In contrast, dependency structures are simply sets of pair-wise relations between single words, without
implications for word-order, so the ban on discontinuity has to be stipulated (by means of the Adjacency
Principle). It is possible to imagine a language in which the Adjacency Principle does not apply at all - and
indeed it is still open to debate whether so-called flat languages are examples. So proposals to allow
discontinuities in dependency structure, by allowing a word to have more than one head, are simply matters of
detail. A few proposals of this kind have been made by other dependency linguists (notably Nichols 1978), but
WG is probably the only theory which builds on this possibility in a systematic way.

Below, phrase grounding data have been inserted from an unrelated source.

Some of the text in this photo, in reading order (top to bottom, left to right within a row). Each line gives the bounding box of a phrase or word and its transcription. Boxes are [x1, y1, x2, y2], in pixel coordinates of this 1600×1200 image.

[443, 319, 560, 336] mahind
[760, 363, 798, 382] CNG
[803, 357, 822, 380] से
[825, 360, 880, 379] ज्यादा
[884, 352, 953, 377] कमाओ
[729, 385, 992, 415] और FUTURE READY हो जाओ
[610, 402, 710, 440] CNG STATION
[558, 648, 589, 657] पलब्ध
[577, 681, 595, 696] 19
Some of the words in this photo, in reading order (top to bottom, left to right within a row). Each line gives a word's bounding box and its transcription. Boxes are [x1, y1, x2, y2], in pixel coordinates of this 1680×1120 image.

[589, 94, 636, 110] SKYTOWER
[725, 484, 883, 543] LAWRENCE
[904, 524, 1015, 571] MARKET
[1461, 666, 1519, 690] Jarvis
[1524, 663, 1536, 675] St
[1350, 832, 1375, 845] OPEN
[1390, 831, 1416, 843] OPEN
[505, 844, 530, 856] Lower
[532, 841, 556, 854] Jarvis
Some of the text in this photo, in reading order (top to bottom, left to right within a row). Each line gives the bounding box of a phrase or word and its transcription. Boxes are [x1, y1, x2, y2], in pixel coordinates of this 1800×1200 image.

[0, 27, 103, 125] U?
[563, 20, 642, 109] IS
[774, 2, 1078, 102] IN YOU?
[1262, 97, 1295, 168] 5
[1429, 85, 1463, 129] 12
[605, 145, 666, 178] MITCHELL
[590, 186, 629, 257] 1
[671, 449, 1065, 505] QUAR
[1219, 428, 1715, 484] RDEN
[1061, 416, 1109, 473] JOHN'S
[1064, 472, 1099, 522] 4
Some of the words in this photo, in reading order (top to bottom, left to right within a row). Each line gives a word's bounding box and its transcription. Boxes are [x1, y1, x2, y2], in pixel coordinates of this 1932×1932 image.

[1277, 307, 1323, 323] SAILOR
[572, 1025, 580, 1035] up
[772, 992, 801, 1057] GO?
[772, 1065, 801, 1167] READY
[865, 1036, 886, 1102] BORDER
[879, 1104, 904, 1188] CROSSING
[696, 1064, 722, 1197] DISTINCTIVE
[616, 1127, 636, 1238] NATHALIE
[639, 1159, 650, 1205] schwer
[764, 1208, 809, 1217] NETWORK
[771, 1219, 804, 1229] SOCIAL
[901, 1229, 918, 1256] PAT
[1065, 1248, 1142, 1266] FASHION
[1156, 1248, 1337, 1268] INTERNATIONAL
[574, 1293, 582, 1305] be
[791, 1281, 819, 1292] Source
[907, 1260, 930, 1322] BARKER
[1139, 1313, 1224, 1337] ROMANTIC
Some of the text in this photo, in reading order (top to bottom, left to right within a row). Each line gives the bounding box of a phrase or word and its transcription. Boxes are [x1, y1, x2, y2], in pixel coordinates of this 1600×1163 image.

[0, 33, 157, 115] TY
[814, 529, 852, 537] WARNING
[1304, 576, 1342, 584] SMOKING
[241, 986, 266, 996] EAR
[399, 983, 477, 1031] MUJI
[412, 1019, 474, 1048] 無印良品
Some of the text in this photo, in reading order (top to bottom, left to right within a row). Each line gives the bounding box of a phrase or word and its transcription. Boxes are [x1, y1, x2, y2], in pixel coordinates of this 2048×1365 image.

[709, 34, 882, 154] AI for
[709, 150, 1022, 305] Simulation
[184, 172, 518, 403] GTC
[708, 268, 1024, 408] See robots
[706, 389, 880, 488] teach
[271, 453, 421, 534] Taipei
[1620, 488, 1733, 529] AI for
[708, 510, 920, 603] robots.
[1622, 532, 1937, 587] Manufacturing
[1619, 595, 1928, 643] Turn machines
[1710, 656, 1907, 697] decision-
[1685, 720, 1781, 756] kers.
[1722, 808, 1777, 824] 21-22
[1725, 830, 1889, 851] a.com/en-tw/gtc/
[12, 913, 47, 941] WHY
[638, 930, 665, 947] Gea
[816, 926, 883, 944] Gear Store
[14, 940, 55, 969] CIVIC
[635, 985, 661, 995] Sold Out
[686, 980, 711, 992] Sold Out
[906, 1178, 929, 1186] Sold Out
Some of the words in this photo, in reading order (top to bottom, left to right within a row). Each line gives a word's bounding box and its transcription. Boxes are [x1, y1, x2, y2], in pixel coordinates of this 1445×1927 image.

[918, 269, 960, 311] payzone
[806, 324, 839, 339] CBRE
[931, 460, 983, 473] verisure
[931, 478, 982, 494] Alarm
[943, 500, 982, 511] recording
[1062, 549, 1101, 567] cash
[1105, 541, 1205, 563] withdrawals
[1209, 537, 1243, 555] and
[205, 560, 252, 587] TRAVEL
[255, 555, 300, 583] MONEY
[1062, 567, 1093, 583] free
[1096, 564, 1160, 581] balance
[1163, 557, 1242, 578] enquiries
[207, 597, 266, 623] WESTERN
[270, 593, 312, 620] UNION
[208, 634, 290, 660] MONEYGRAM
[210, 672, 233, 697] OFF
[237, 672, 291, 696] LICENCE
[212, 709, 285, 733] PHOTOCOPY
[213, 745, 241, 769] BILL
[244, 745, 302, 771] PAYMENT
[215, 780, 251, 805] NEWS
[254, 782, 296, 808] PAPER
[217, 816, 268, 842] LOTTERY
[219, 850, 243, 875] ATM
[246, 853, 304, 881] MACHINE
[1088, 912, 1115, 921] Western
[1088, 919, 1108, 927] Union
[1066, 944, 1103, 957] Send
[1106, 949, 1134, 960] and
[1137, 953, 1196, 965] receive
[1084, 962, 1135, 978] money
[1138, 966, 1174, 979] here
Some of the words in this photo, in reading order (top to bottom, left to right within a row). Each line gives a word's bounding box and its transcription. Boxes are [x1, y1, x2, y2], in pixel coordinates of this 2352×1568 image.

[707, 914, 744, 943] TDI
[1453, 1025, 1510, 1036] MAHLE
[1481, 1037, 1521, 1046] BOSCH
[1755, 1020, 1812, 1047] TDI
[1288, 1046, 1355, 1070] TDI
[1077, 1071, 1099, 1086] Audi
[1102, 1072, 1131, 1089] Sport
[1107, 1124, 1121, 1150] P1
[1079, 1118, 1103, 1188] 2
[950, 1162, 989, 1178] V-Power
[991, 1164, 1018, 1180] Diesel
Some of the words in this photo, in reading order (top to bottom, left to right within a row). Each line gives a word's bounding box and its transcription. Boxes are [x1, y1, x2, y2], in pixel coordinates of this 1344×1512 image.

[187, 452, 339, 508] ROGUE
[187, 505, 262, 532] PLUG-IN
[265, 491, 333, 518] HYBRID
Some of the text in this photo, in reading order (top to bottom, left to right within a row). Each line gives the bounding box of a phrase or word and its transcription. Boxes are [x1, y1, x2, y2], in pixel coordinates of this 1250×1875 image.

It is also interesting to note
that Baker (1989) suggests a GB analysis of serial verb constructions in which an NP which is shared as object
by two verbs would in effect have them both as its head.
According to WG, then, a word normally has just one head, but exceptions are allowed in both directions.
Some words (e.g. finite verbs) are allowed to have no head at all; and others are allowed to have more than one
head. For example, take sentence (4), It keeps raining. We have seen that it is a dependent of raining, but there
are also good reasons for treating it as a dependent of keeps. For example, the latter is a tensed verb, and in
English tensed verbs must have a subject. In this sentence keeps is well-formed, so it must have a subject; and
since it is the only candidate, it must be the subject, and therefore a dependent, of keeps. Therefore it is a
dependent of two words, and has two heads. The grammar must of course explicitly permit each part of this
structure, and it allows the double-head pattern for it by a rule which refers to the grammatical relation between
keeps and raining, 'incomplement' (for 'Incomplete complement'): the subject of the incomplement of word W is
also the subject of W. The complete dependency structure for (4) is therefore as shown in (4').
(4)
It
keeps
raining.
How does this extra dependency help to explain the discontinuity of it raining? The crucial point is that in the
new structure, the word which separates it from raining is the head of both of them, a relation which makes it
not a 'separator', but in fact a strong 'binder'. After all, this is the pattern in e.g. John loves Mary, where it is
loves that holds the other two words together. It would be very natural, then, if this pattern were to count as
adjacency. On this assumption we shall revise our definition of adjacency.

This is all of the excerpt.